Exercise requirements: From start to end, write out the following data exactly, apart from its images.

Image-backed grounding data
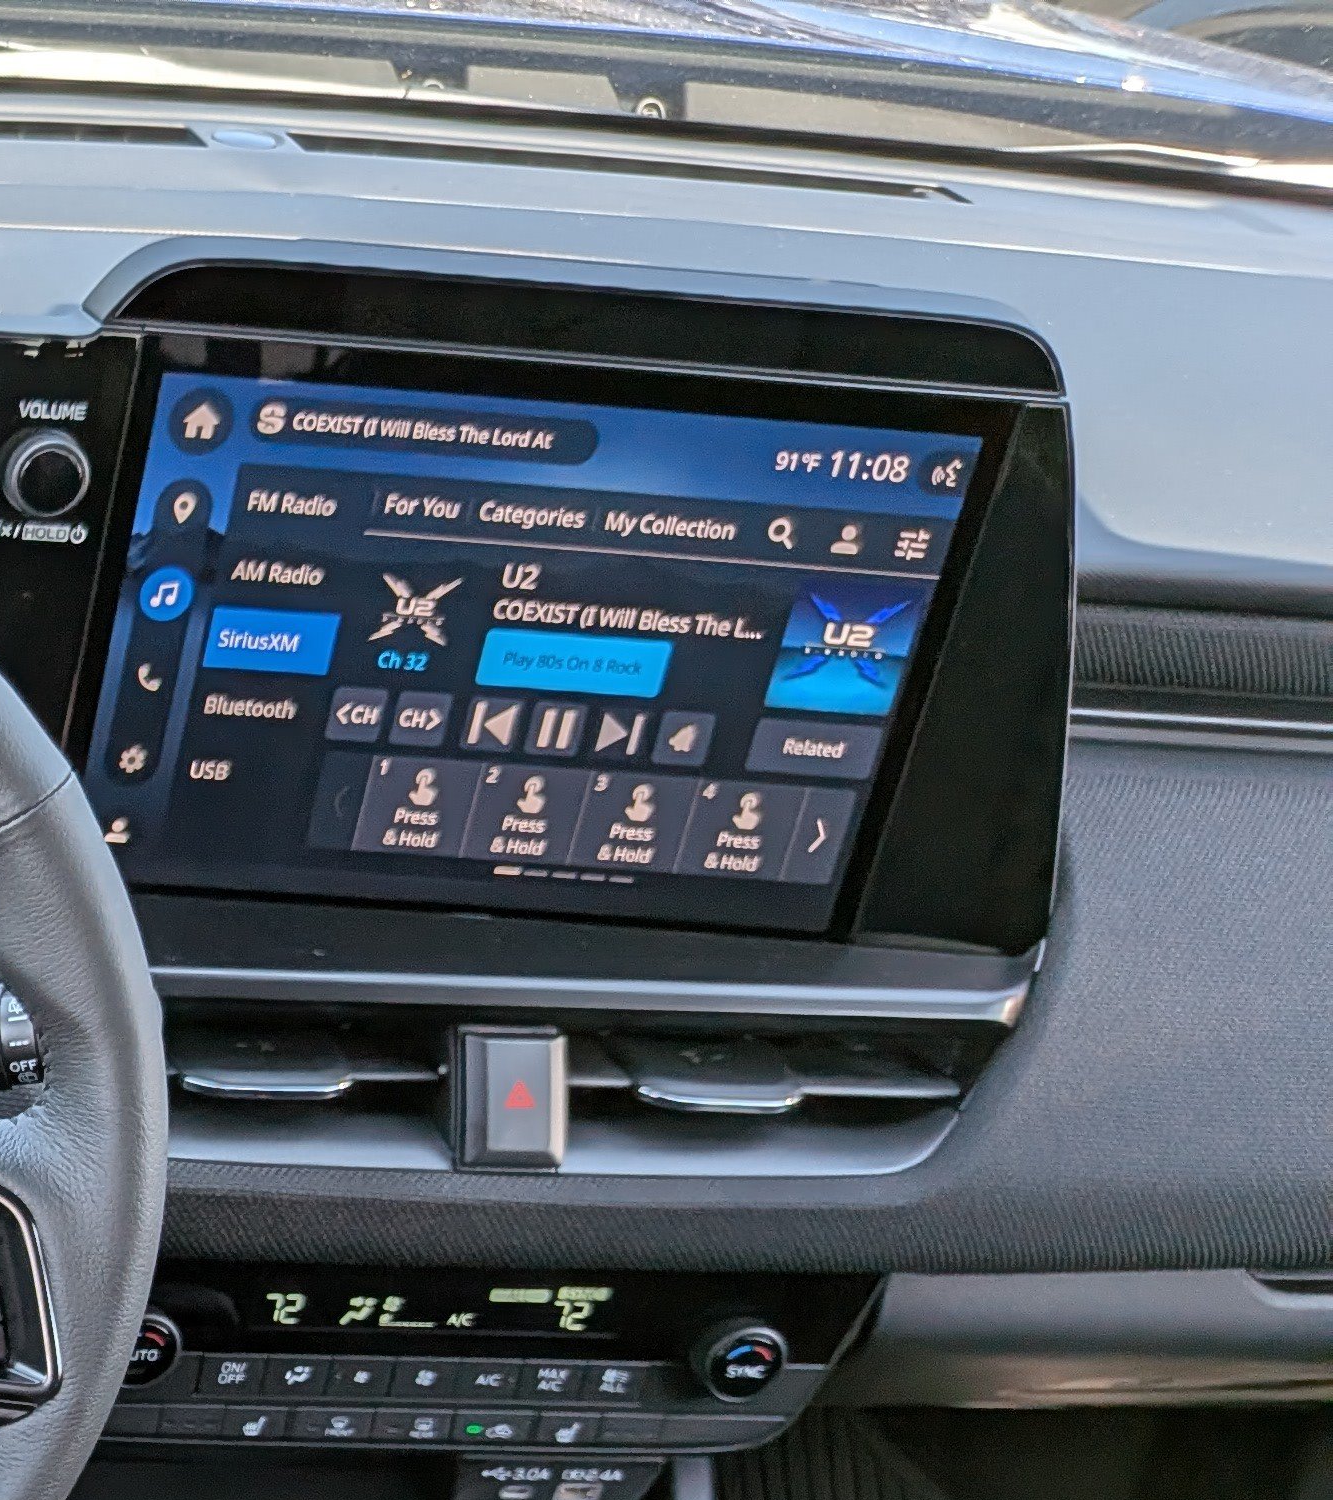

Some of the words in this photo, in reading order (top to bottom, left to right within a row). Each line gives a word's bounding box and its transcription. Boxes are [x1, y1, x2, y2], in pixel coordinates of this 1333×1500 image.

[19, 399, 89, 421] VOLUME
[293, 411, 362, 436] COEXIST
[381, 418, 410, 440] Will
[412, 421, 456, 443] Bless
[459, 424, 490, 446] The
[492, 427, 530, 448] Lord
[532, 431, 553, 450] At
[831, 450, 911, 483] 11:08
[247, 490, 280, 512] FM
[281, 492, 337, 517] Radio
[384, 493, 419, 516] For
[423, 496, 461, 519] You
[479, 500, 586, 530] Categories
[605, 511, 637, 537] My
[639, 514, 736, 540] Collection
[23, 525, 68, 542] HOLD
[231, 559, 267, 582] AM
[269, 562, 325, 586] Radio
[502, 562, 542, 590] U2
[396, 597, 436, 616] U2
[493, 598, 581, 624] COEXIST
[580, 604, 598, 629] (I
[599, 606, 637, 630] Will
[638, 609, 693, 634] Bless
[694, 613, 732, 637] The
[218, 629, 300, 652] SiriusXM
[823, 622, 875, 647] U2
[378, 651, 403, 669] Ch
[403, 653, 431, 672] 32
[502, 650, 534, 671] Play
[566, 655, 589, 672] On
[605, 659, 642, 676] Rock
[203, 694, 297, 719] Bluetooth
[782, 737, 847, 759] Related
[190, 759, 232, 780] USB
[380, 757, 391, 776] 1
[486, 765, 501, 784] 2
[593, 773, 610, 792] 3
[702, 782, 719, 800] 4
[394, 807, 439, 825] Press
[501, 815, 548, 833] Press
[382, 829, 396, 846] &
[399, 830, 440, 848] Hold
[609, 822, 655, 841] Press
[716, 830, 762, 849] Press
[490, 836, 505, 854] &
[506, 837, 548, 856] Hold
[597, 844, 613, 861] &
[613, 845, 654, 864] Hold
[704, 852, 719, 870] &
[720, 853, 762, 872] Hold
[9, 1058, 38, 1073] OFF
[266, 1293, 307, 1324] 72
[554, 1300, 594, 1331] 72
[446, 1312, 477, 1328] A/C
[218, 1373, 246, 1385] OFF
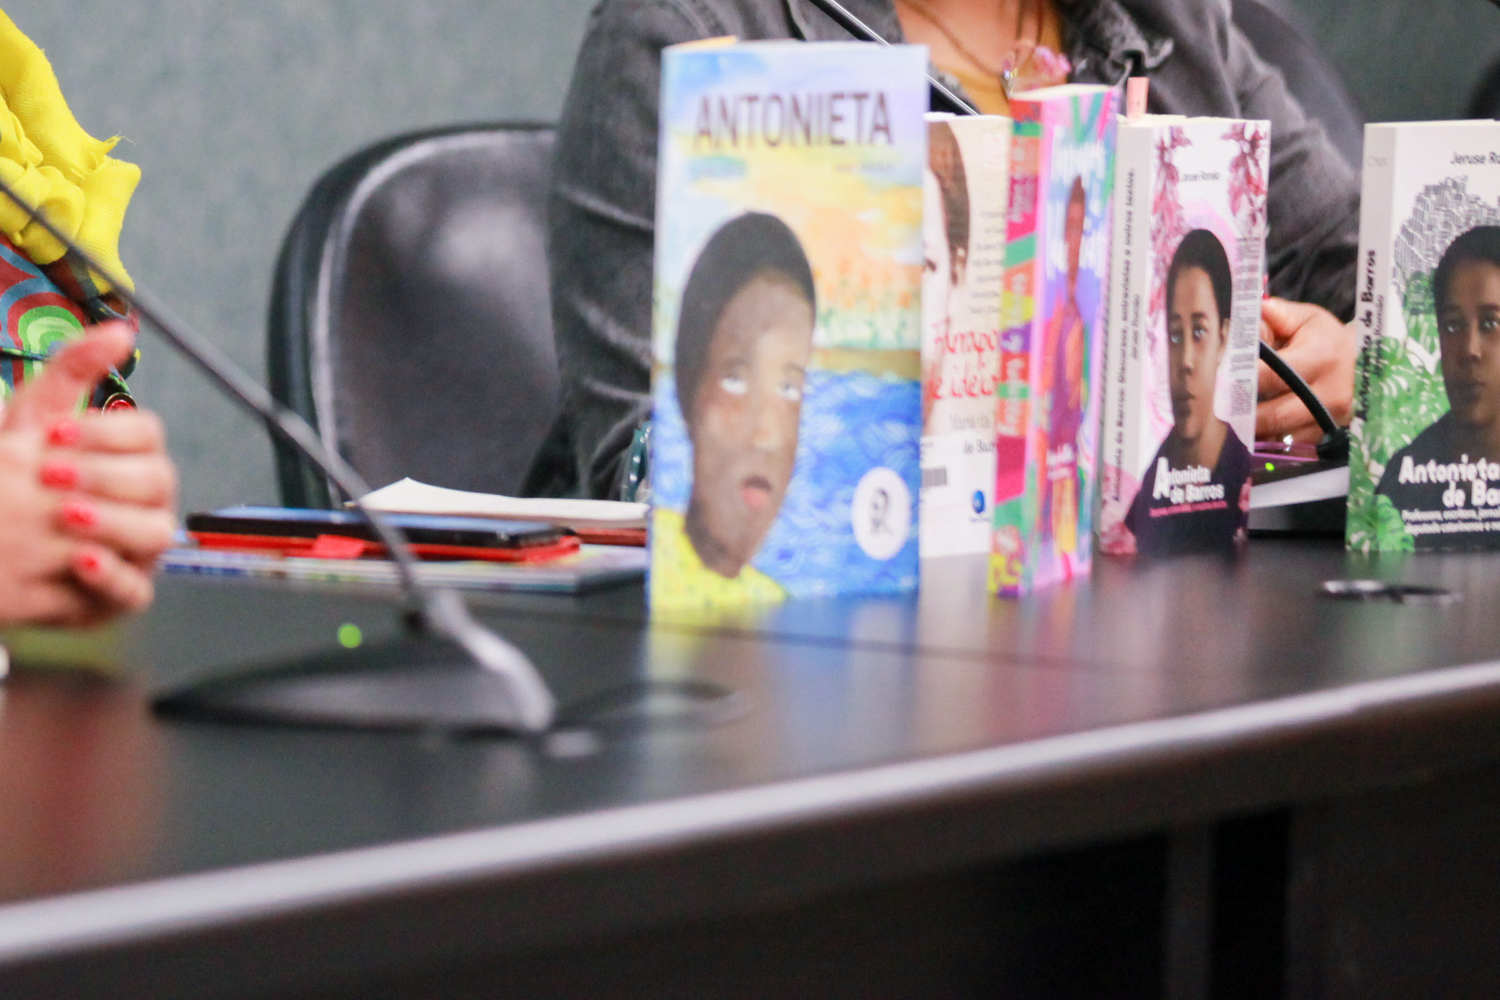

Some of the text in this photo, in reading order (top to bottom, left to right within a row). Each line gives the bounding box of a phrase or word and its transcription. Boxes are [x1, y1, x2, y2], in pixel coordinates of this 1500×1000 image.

Answer area:
Some of the words in this photo, in reading order (top to bottom, left to right within a row). Each line gives a word's bounding box and its transcription. Boxes are [x1, y1, x2, y2], in pixel coordinates of this 1333×1500 image.

[19, 399, 89, 421] VOLUME
[293, 411, 362, 436] COEXIST
[381, 418, 410, 440] Will
[412, 421, 456, 443] Bless
[459, 424, 490, 446] The
[492, 427, 530, 448] Lord
[532, 431, 553, 450] At
[831, 450, 911, 483] 11:08
[247, 490, 280, 512] FM
[281, 492, 337, 517] Radio
[384, 493, 419, 516] For
[423, 496, 461, 519] You
[479, 500, 586, 530] Categories
[605, 511, 637, 537] My
[639, 514, 736, 540] Collection
[23, 525, 68, 542] HOLD
[231, 559, 267, 582] AM
[269, 562, 325, 586] Radio
[502, 562, 542, 590] U2
[396, 597, 436, 616] U2
[493, 598, 581, 624] COEXIST
[580, 604, 598, 629] (I
[599, 606, 637, 630] Will
[638, 609, 693, 634] Bless
[694, 613, 732, 637] The
[218, 629, 300, 652] SiriusXM
[823, 622, 875, 647] U2
[378, 651, 403, 669] Ch
[403, 653, 431, 672] 32
[502, 650, 534, 671] Play
[566, 655, 589, 672] On
[605, 659, 642, 676] Rock
[203, 694, 297, 719] Bluetooth
[782, 737, 847, 759] Related
[190, 759, 232, 780] USB
[380, 757, 391, 776] 1
[486, 765, 501, 784] 2
[593, 773, 610, 792] 3
[702, 782, 719, 800] 4
[394, 807, 439, 825] Press
[501, 815, 548, 833] Press
[382, 829, 396, 846] &
[399, 830, 440, 848] Hold
[609, 822, 655, 841] Press
[716, 830, 762, 849] Press
[490, 836, 505, 854] &
[506, 837, 548, 856] Hold
[597, 844, 613, 861] &
[613, 845, 654, 864] Hold
[704, 852, 719, 870] &
[720, 853, 762, 872] Hold
[9, 1058, 38, 1073] OFF
[266, 1293, 307, 1324] 72
[554, 1300, 594, 1331] 72
[446, 1312, 477, 1328] A/C
[218, 1373, 246, 1385] OFF

Some of the text in this photo, in reading order (top to bottom, left to right within a row). Each line gives the bounding box of a phrase or word and its transcription. Boxes are [x1, y1, x2, y2], in pixel coordinates of this 1500×1000 image.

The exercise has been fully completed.